Safety and Efficacy of Intrapleural Tissue Plasminogen Activator and DNase during Extended Use in Complicated Pleural Space Infections

Jason R McClune 1, Candice L Wilshire 2, Jed A Gorden 2, Brian E Louie 2, Alexander S Farviar 2, Michael J Stefanski 1, Eric Vallieres 2, Ralph W Aye 2, Christopher R Gilbert 2,*
PMCID: PMC4944060  PMID: 27445574

Abstract

The use of intrapleural therapy with tissue plasminogen activator and DNase improves outcomes in patients with complicated pleural space infections. However, little data exists for the use of combination intrapleural therapy after the initial dosing period of six doses. We sought to describe the safety profile and outcomes of intrapleural therapy beyond this standard dosing. A retrospective review of patients receiving intrapleural therapy with tissue plasminogen activator and DNase was performed at two institutions. We identified 101 patients from January 2013 to August 2015 receiving intrapleural therapy for complicated pleural space infection. The extended use of intrapleural tissue plasminogen activator and DNase therapy beyond six doses was utilized in 20% (20/101) of patients. The mean number of doses in those undergoing extended dosing was 9.8 (range of 7–16). Within the population studied there appears to be no statistically significant increased risk of complications, need for surgical referral, or outcome differences when comparing those receiving standard or extended dosing intrapleural therapy. Future prospective study of intrapleural therapy as an alternative option for patients who fail initial pleural drainage and are unable to tolerate/accept a surgical intervention appears a potential area of study.

1. Introduction

Pleural space infections have been described since the time of Hippocrates [14] and unfortunately remain an ongoing problem in modern day healthcare [57]. While morbidity and mortality have improved [2], recent data suggests growing concerns related to pleural infection incidence and management [811].
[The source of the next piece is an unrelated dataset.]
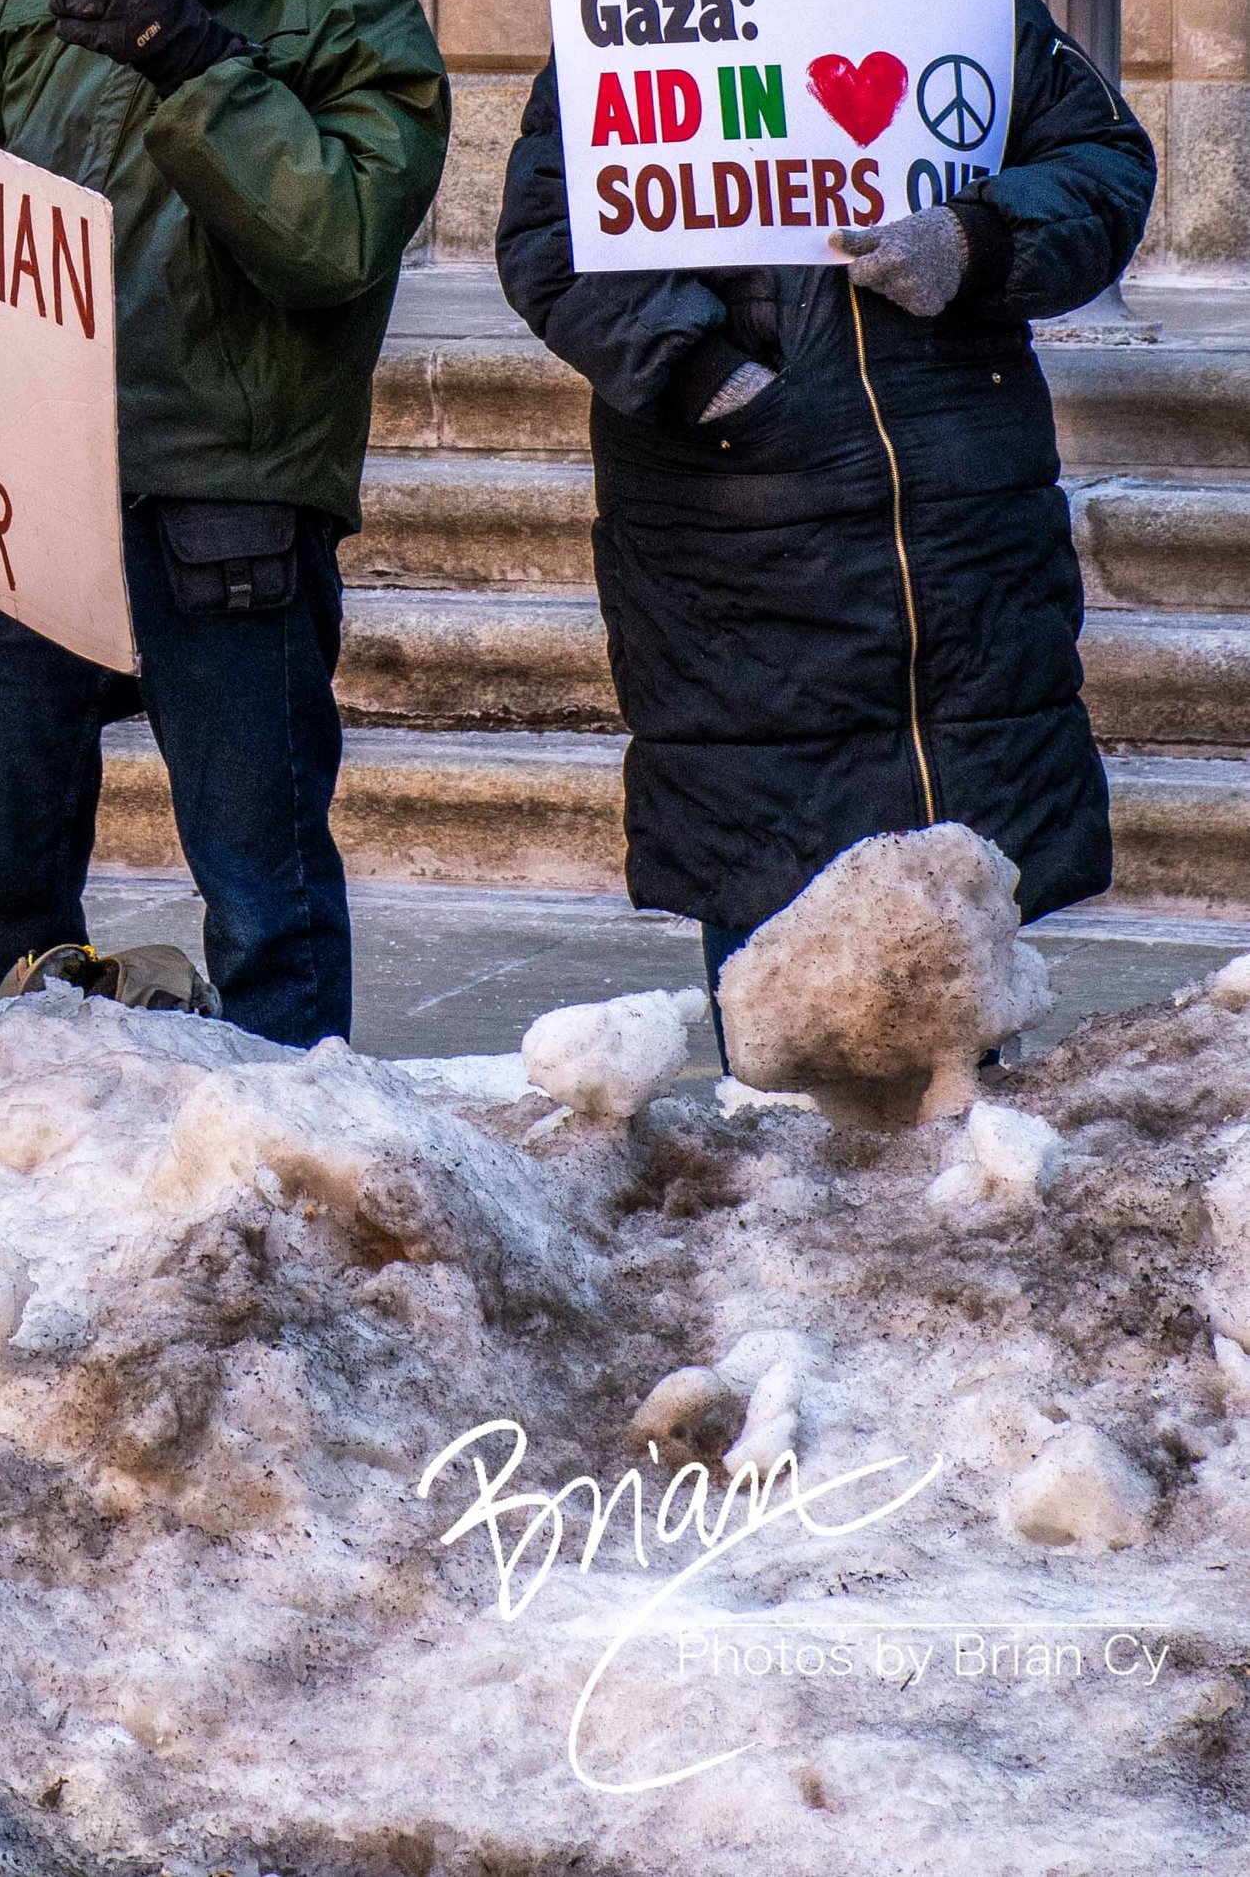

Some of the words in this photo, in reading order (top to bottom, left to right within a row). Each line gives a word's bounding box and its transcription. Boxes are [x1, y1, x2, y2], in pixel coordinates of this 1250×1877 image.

[137, 21, 161, 47] HEAD
[590, 68, 702, 147] AID
[717, 64, 789, 140] IN
[596, 157, 886, 236] SOLDIERS
Complicated pleural space infections (empyema and complicated parapneumonic effusions) develop in up to two-thirds of those hospitalized with pneumonia, subsequently associated with a 10–20% mortality [6]. While debate regarding surgical versus nonsurgical management exists [5, 1217], the use of antimicrobials and pleural drainage appears to remain a basic tenement of treatment [6]. While empyema has historically been a surgical disease, more recent randomized clinical trial has suggested the use of intrapleural therapy with a combination of a direct-acting fibrinolytic agent (recombinant tissue plasminogen activator) and a hydrolytic enzyme of DNA (deoxyribonuclease) improves radiographic and clinical outcomes (including the need for surgical referral) in patients with complicated pleural space infections [18]. This protocol utilizes six doses of tissue plasminogen activator (t-PA) and DNase over 72 hours; however, to our knowledge the efficacy and safety profile of extended use of this therapy remains unknown. We sought to describe the safety profile and outcomes of extended (>6 consecutive doses) use in adult patients with complicated pleural space infections.

2. Methods

A retrospective review of all patients receiving t-PA and DNase at two institutions (Swedish Medical Center and Penn State Milton S. Hershey Medical Center) was performed, from January 2013 to August 2015. The institutional review board at both institutions approved this study (Penn State Milton S. Hershey Medical Center, STUDY00002820, and Swedish Medical Center, 5845S-15) and the requirement for informed consent for data collection and analysis was waived.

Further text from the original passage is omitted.